How does skyvern integrate with ollama litellm #242

alexsiu398 · 2024-04-29T02:31:52Z

Is there a way or tutorial on how to configure ollama litellm to work with skyvern? How can skyvern work with a local llm?

suchintan · 2024-05-03T07:38:38Z

Here's an example where @ykeremy built out bedrock support within Skyvern

https://github.com/Skyvern-AI/skyvern/pull/251/files

Are you open to opening a PR for ollama + litellm? We'd love a contribution here!

suchintan · 2024-05-03T07:39:11Z

Ignore the files in the experimentation module. The other configs are all you need!

santiagoblanco22 · 2024-05-10T03:34:16Z

Nice. Now GPT4 60 USD in 3 days. :( Ollama is awesome! I don't know how to help!

suchintan · 2024-05-10T04:10:34Z

@santiagoblanco22 we would love a contribution here!! Or maybe we can ask for people's help in our discord?

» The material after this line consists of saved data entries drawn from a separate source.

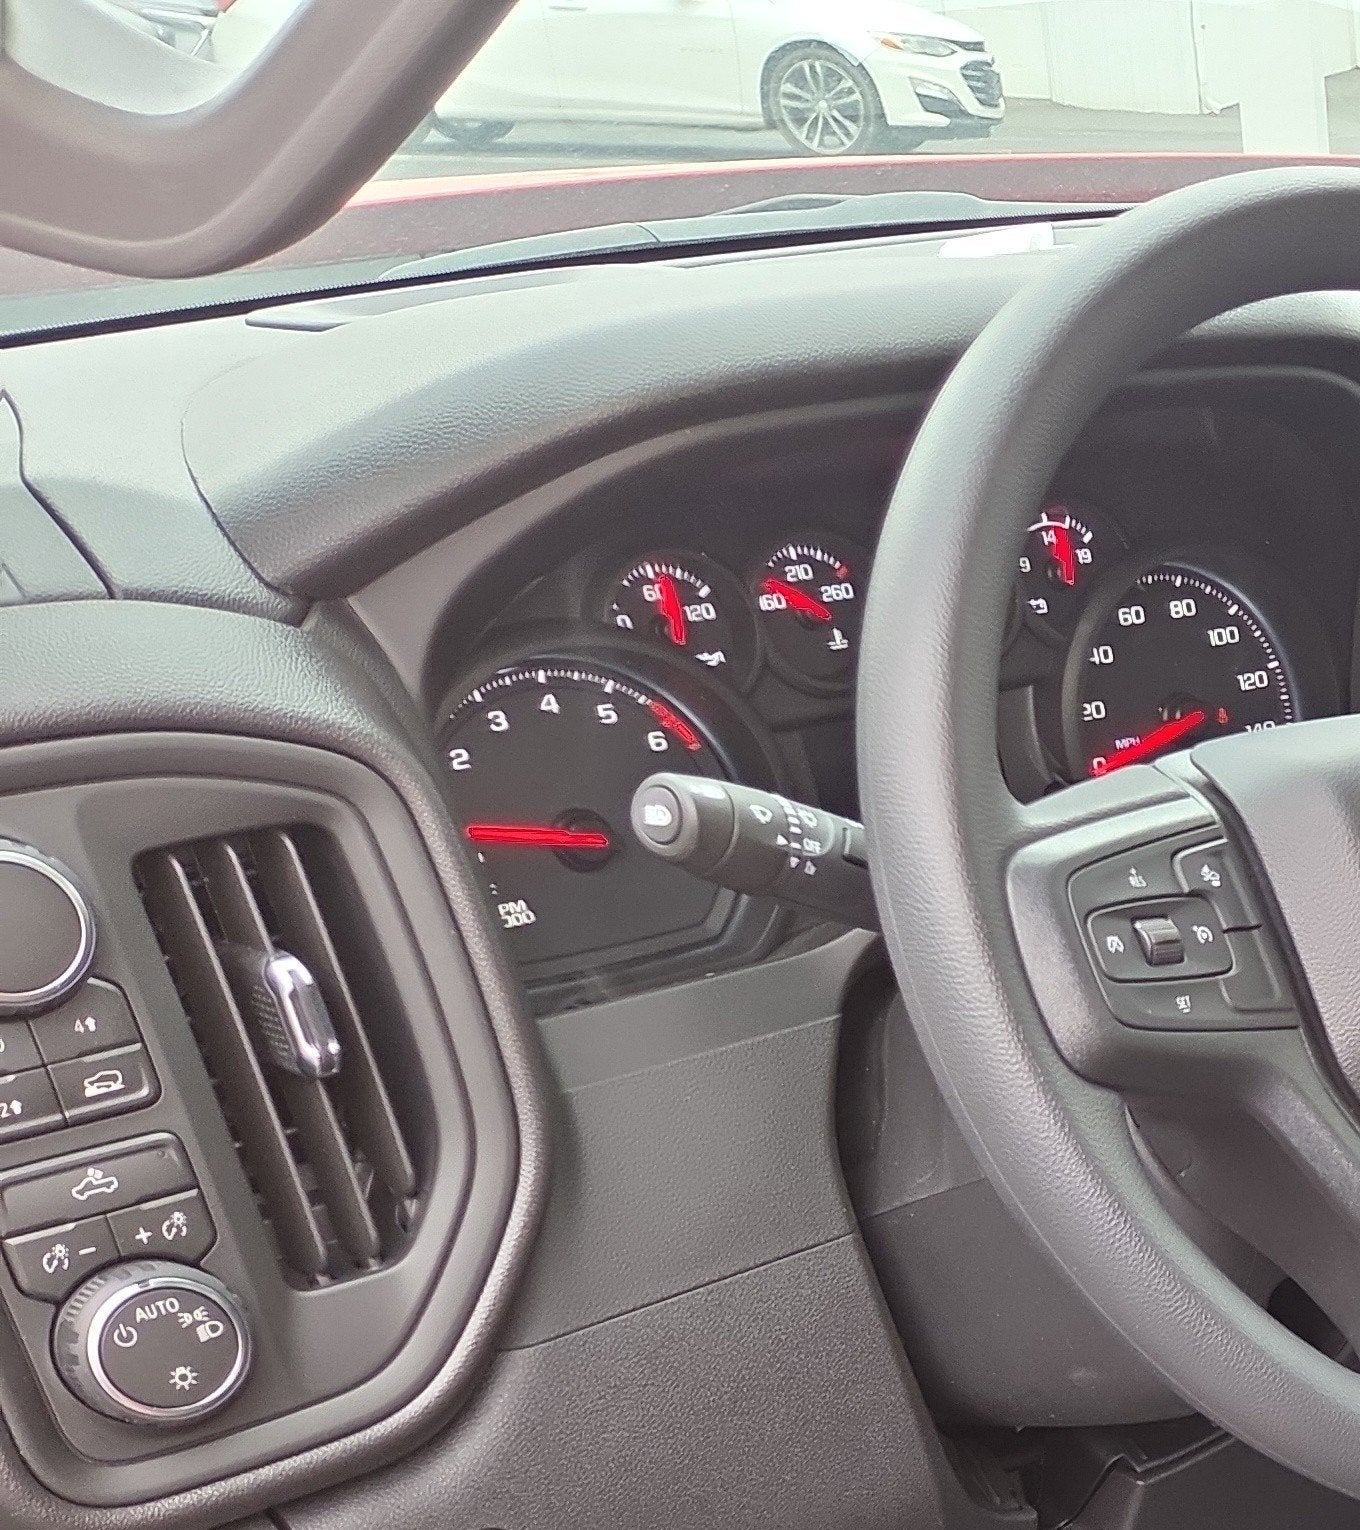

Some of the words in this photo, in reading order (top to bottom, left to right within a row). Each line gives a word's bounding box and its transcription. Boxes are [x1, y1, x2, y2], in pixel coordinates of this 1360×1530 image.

[1019, 556, 1031, 573] 9
[1075, 548, 1093, 565] 19
[784, 563, 813, 582] 210
[758, 592, 788, 612] 160
[821, 582, 855, 602] 260
[683, 602, 717, 622] 120
[1118, 605, 1146, 627] 60
[1169, 598, 1197, 620] 80
[1207, 625, 1241, 648] 100
[1236, 670, 1270, 691] 120
[540, 693, 560, 715] 4
[597, 703, 618, 726] 5
[487, 709, 509, 732] 3
[647, 731, 669, 753] 6
[449, 747, 472, 771] 2
[74, 1018, 85, 1034] 4
[135, 1297, 180, 1324] AUTO

GPT4 is super expensive. Try it with Claude 3 sonnet instead

OB42 · 2024-05-10T08:35:24Z

hi, I'm currently trying to add it. :)

Do you think we should allow all ollama models? in setup.sh should we ask the user for a specific model name(as a string)? or a numbered choice like for anthropic with just llama3/mistral maybe llava?

OB42 · 2024-05-12T18:44:36Z

FYI for now it seems that most models available on Ollama are not good enough for Skyvern , at least on my computer, so it seems pointless to add models that would not work well.

Maybe it could work with a 34/70B model with no quantization, but you would need a very beefy setup, at that point you'd probably be better off using bedrock/anthropic IMO

github-actions · 2024-06-13T01:48:50Z

This issue is stale because it has been open for 30 days with no activity.

github-actions · 2024-06-27T01:49:33Z

This issue was closed because it has been inactive for 14 days since being marked as stale.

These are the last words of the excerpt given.